Alkoholfreie Biere enthalten ebenfalls Histamin und werden von einigen Personen vertragen und von anderen wiederum nicht.

Muss ich auf Hülsenfrüchte und Nüsse verzichten?

Hier scheiden sich die Geister. Hülsenfrüchte können zu starken Blähungen führen, die wiederum Verdauungsstörungen bei einer Histaminunverträglichkeit verstärken können. Aus diesem Grund verzichten die meisten Menschen mit HIT auf den Genuss von Hülsenfrüchten. Es empfiehlt sich zunächst eine strenge Karenzzeit einzuhalten, bis die Symptome sich gebessert haben und verschiedene histaminhaltige Lebensmittel wie Hülsenfrüchte langsam wieder einzuschleichen.

Was sollte man bei einer histaminarmen Ernährung beachten?

Es sollten möglichst histaminarme Lebensmittel bevorzugt werden. So schwer es auch sein mag, auch auf Histaminliberatoren wie Schokolade sollte man verzichten. Die Lebensmittel sollten möglichst frisch verzehrt werden. Lebensmittel aus dem Kühlschrank, sollten möglichst sofort verzehrt werden und nicht über einen längeren Zeitraum in der Wärme stehen. Fleisch- und Fischgerichte sollten nicht wieder aufgewärmt oder warmgehalten werden. Dies könnte dazu führen, dass sich der Histamingehalt des Lebensmittels erhöht.

Kochen Sie Gerichte aus frischen unverarbeiteten oder möglichst gering verarbeiteten Nahrungsmitteln. Eingefrorene Lebensmittel sollten schnell aufgetaut und sofort verarbeitet oder verzehrt werden und nicht erneut eingefroren werden. Speisen mit hohem Eiweißgehalt, zu denen unter anderem Fleisch und Fisch zählen, sollten nicht wieder aufgewärmt werden. Beim Kochen kann Histamin entstehen, das zum Beispiel durch einfrieren nicht wieder verschwindet.

Gibt es Faktoren, die die Entstehung von Histamin begünstigen?

Als Faustregel gilt, das frische Lebensmittel weniger Histamin enthalten, als Lebensmittel, die bereits länger gelagert wurden. Der Histamingehalt kann sich durch Feuchtigkeit, Luft und Wärme erhöhen. Insbesondere Fisch, Meeresfrüchte und Fleisch können schnell Mikroorganismen bilden. Wenn Fleisch nicht ausreichend gekühlt wird, kann der Histamingehalt binnen weniger Minuten stark ansteigen. Zerkleinertes Fleisch wie Hackfleisch und Tartar sind besonders anfällig für die Bildung von Histaminen. Hackfleisch sollte deshalb immer frisch vom Metzger gekauft werden. Abgepacktes Hackfleisch kann bereits beim Kauf stark mit Histaminen belastet sein.

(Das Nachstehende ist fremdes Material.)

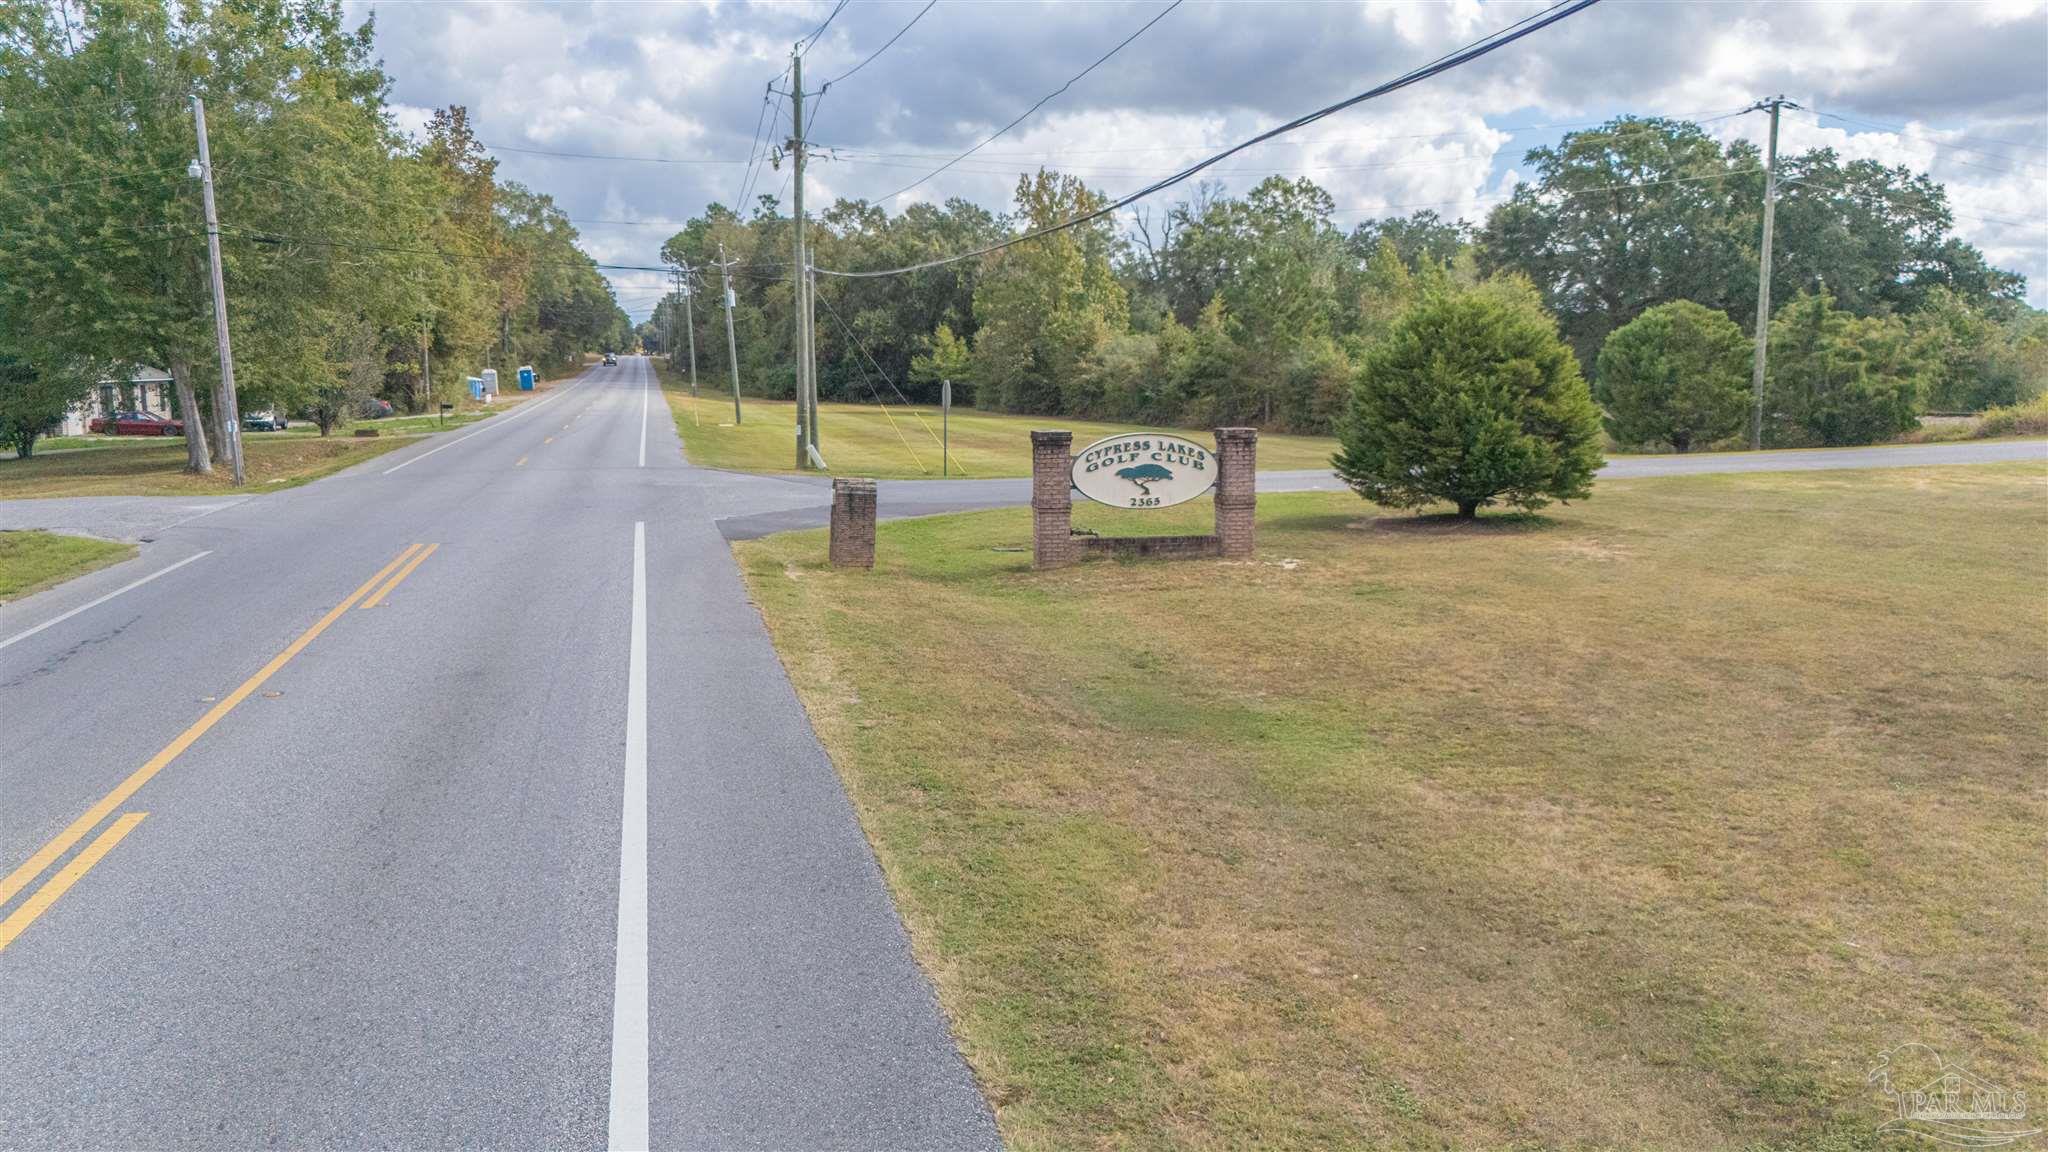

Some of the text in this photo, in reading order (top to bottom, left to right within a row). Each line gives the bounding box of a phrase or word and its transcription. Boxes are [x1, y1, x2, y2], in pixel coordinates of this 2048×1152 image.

[1085, 440, 1205, 463] CYPRESS LAKES
[1085, 452, 1205, 473] GOLF CLUB
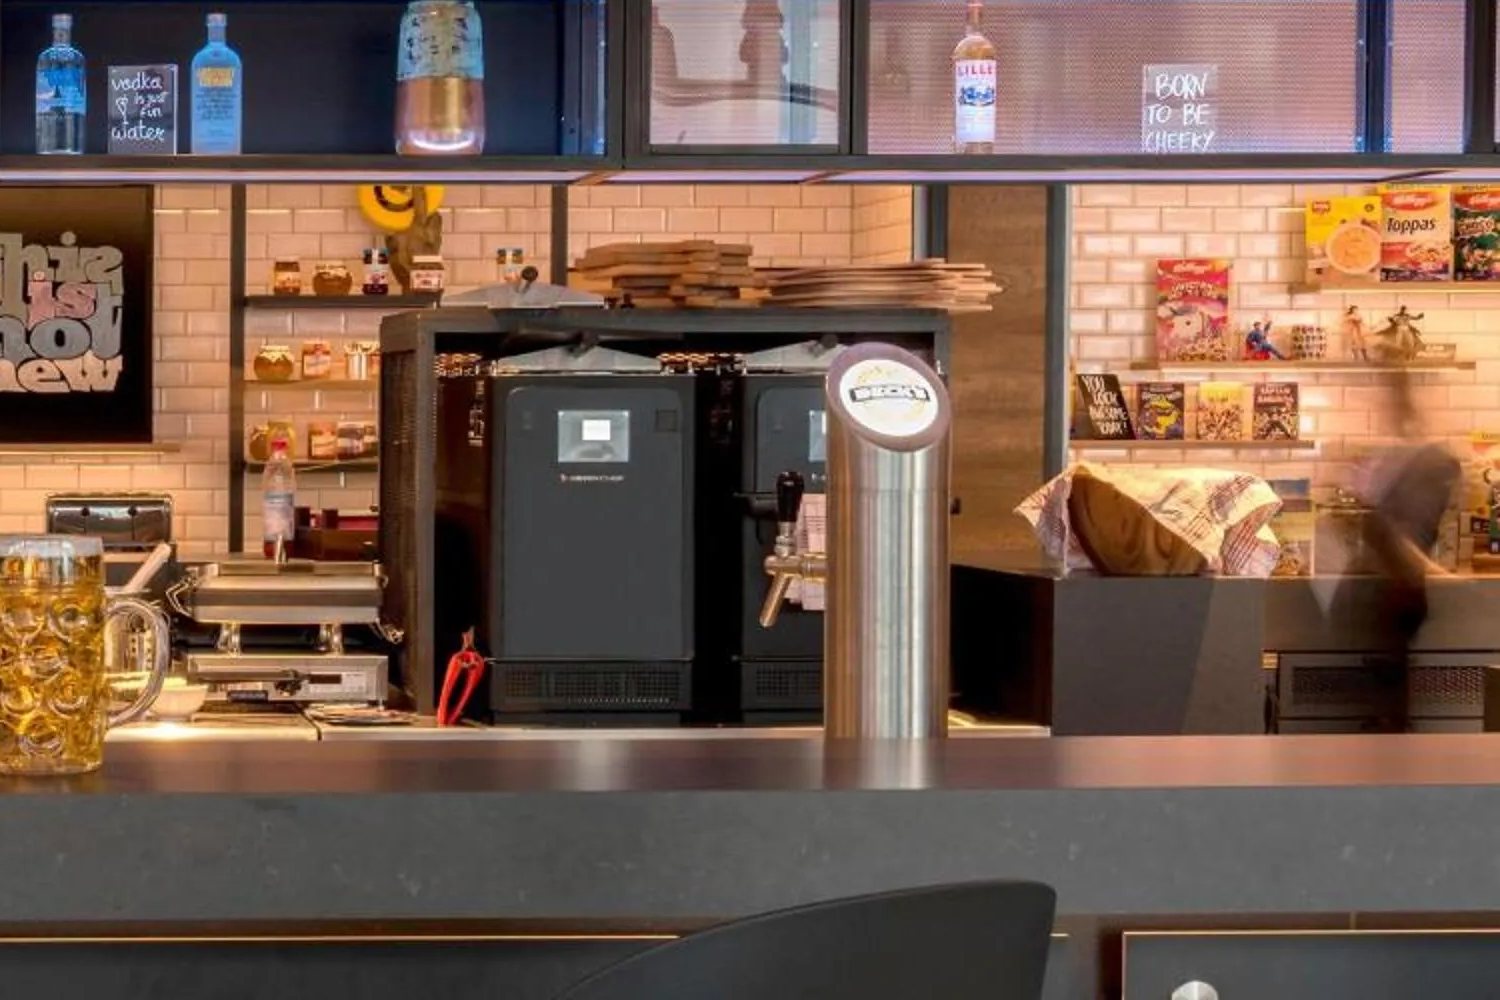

Gibt es Medikamente gegen Histaminintoleranz?

Für Personen mit einer Histaminintoleranz sind Tabletten erhältlich, die das Enzym Diaminooxidase enthalten. Leider wirken sie jedoch nicht bei jedem Betroffenen. Die Tabletten sollen beim Abbau von Histamin helfen. Sogenannte DAO-Blocker, zu denen verschiedene histaminhaltige Lebensmittel und Getränke zählen, sind dazu in der Lage das Enzym Diaminooxidase zu schwächen, wodurch der Histaminabbau verlangsamt wird. Um das Histamin abbauen zu können, ist das Enzym jedoch wichtig.

Wenn man sich dazu entscheidet, seiner Histaminintoleranz mit Enzymtabletten zu begegnen, sollte man auf die DAO-Blocker, zu denen Alkohol, Kakao, Energy Drinks, schwarzen und grünen Tee meiden, da sie die Wirkung des Enzyms aushebeln können. DAO-Blocker sollten also wenn man nicht darauf verzichten mag, in nur sehr geringen Mengen verzehrt werden.

Verschiedene Medikamente wie Schlaf- und Schmerzmittel, Hustenlöser und verschiedene Medikamente gegen Rheuma wirken ebenfalls als DAO-Blocker. Die Enzymtabletten sollten vorbeugend eingenommen werden und nicht erst dann, wenn man die ersten Symptome verspürt. Es empfiehlt sich die Tabletten etwa 30 Minuten vor dem Essen einzunehmen.